Sinfonia n. 3 in do minore, op. 44


Musica: Sergej Prokofiev (1891 - 1953)
  1. Moderato
  2. Andante
  3. Allegro agitato
  4. Andante mosso. Allegro moderato
Organico: ottavino, 2 flauti, 2 oboi, corno inglese, 2 clarinetti, clarinetto basso, 2 fagotti, controfagotto, 4 corni, 3 trombe, 3 tromboni, basso tuba, timpani, grancassa, rullante, piatti, tamburo basco, tam-tam, castagnette, campane, archi
Composizione: 1928
Prima esecuzione: Parigi, 17 maggio 1929
Edizione: Édition Russe de Musique, Parigi, 1931
Guida all'ascolto 1 (nota 1)

Le delusioni per la mancata rappresentazione dell'opera L'Angelo di fuoco, scritta dal 1922 a Ettal in Germania e tratta su libretto dello stesso musicista dal romanzo del poeta simbolista russo Valeri Jakovljevic Brjusov (1873-1924), spinsero Prokof'ev a utilizzare le pagine sinfonicamente più robuste della partitura, a cominciare dai travolgenti interludi, per la sua Terza Sinfonia in do minore op. 44, completata nel 1928 ed eseguita per la prima volta a Parigi nel 1929 sotto la direzione di Pierre Monteux. Quindi per capire meglio l'atmosfera espressiva e l'accesa tensione strumentale della sinfonia è opportuno rifarsi all'opera originale, il cui soggetto si dibatte in un mondo di diavolerie, pregiudizi, esorcismi, fanatismi e inquisizioni. In questo ambiente, di un espressionismo delirante e allucinante, domina la figura di una donna, Renata, in cui convivono in forma confusa e travolgente i rapimenti mistici e le crisi di erotismo isterico, caratteristiche di una certa tendenza popolare pseudoreligiosa controriformista nella Germania di Lutero. Renata si innamora di un angelo di fuoco, ma è soltanto il simbolo dei suoi sogni di adolescente; ella cerca ansiosamente tra gli uomini la persona che potrà dare pace ed equilibrio al suo spirito tormentato, ma si imbatte soltanto in esperienze dolorose e in delusioni tragiche. Allora si rivolge alla magìa e la sua mente è percorsa da ossessioni psicopatiche, da incubi e da estasi febbrili. Si rifugia in un convento per trovare pace al suo animo sconvolto e coinvolge le suore del monastero in riti indemoniati, furibondi e peccaminosi. All'Inquisitore che l'accusa per la sua assurda e pericolosa condotta, Renata grida la sua profonda fede cristiana e inutilmente si ribella in un accesso di epilessia che contamina le altre suore.
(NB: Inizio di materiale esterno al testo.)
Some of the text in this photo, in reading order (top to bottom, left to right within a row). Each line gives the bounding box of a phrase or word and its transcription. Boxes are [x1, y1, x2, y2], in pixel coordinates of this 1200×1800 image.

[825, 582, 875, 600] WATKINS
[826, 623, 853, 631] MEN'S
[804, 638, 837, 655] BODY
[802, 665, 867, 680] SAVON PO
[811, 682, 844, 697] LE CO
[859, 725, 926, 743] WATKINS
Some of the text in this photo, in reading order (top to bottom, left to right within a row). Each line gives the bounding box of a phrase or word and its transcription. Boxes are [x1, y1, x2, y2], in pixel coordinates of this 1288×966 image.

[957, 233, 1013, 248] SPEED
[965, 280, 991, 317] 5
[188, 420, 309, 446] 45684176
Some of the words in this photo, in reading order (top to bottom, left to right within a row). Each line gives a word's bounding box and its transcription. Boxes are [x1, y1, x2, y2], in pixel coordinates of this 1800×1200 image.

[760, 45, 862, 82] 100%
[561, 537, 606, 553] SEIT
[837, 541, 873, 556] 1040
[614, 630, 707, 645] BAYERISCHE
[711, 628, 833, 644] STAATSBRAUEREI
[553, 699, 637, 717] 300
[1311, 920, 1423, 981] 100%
Sarà condannata al rogo come strega.

La partitura operistica ha un valore che si arricchisce di tutte le più raffinate acquisizioni della tavolozza strumentale, di tutti i più sottili accorgimenti della dialettica sonora, senza ignorare spregiudicatezze timbriche e armoniche, pur abbastanza distanti dalle astrattezze deformanti di un esasperato espressionismo. In essa si realizza una esperienza musicale di straordinaria efficacia teatrale, avvertita subito da due sensibilissimi direttori d'orchestra, come Sergej Kussewitzky e Bruno Walter (quest'ultimo avrebbe voluto presentarla all'Opera di Stato di Berlino), e fatta conoscere al pubblico solamente nel settembre del 1955, nella celebre edizione data alla Fenice di Venezia sotto la direzione di Nino Sanzogno, con la regìa di Giorgio Strehler e nella interpretazione nel ruolo principale di Dorothy Dow. Da allora L'Angelo di fuoco ha percorso molta strada e occupa un posto preminente nella produzione operistica contemporanea.

La Sinfonia n. 3 vuole essere una sintesi strumentale estratta da alcune scene dell'opera e improntata a quello stile di Prokof'ev densamente ritmico e coloristico. Il primo movimento (Moderato) alterna atmosfere distese e sospese ad altre più accentuate e drammatiche sotto il profilo orchestrale. Il secondo tempo (Andante) si richiama all'inizio del quinto atto del testo operistico e descrive la quiete del convento in cui si rifugia Renata nel tentativo di scacciare dal proprio corpo gli influssi negativi di Satana. Nel terzo tempo (Allegro agitato) si ritrovano situazioni psicologiche del secondo atto, quando appare a Renata in una visione magica la persona amata, il conte Enrico, avvolto nel mantello dell'Angelo di fuoco. Nel movimento conclusivo (Andante mosso) sono riferiti spunti tematici dello stesso secondo atto, con lo scontro fra il bene e il male, sottolineato da un'orchestra ora dolcemente cantabile e ora tagliente e aspra, ma del resto saldamente ancorata alla terraferma tonale della musica.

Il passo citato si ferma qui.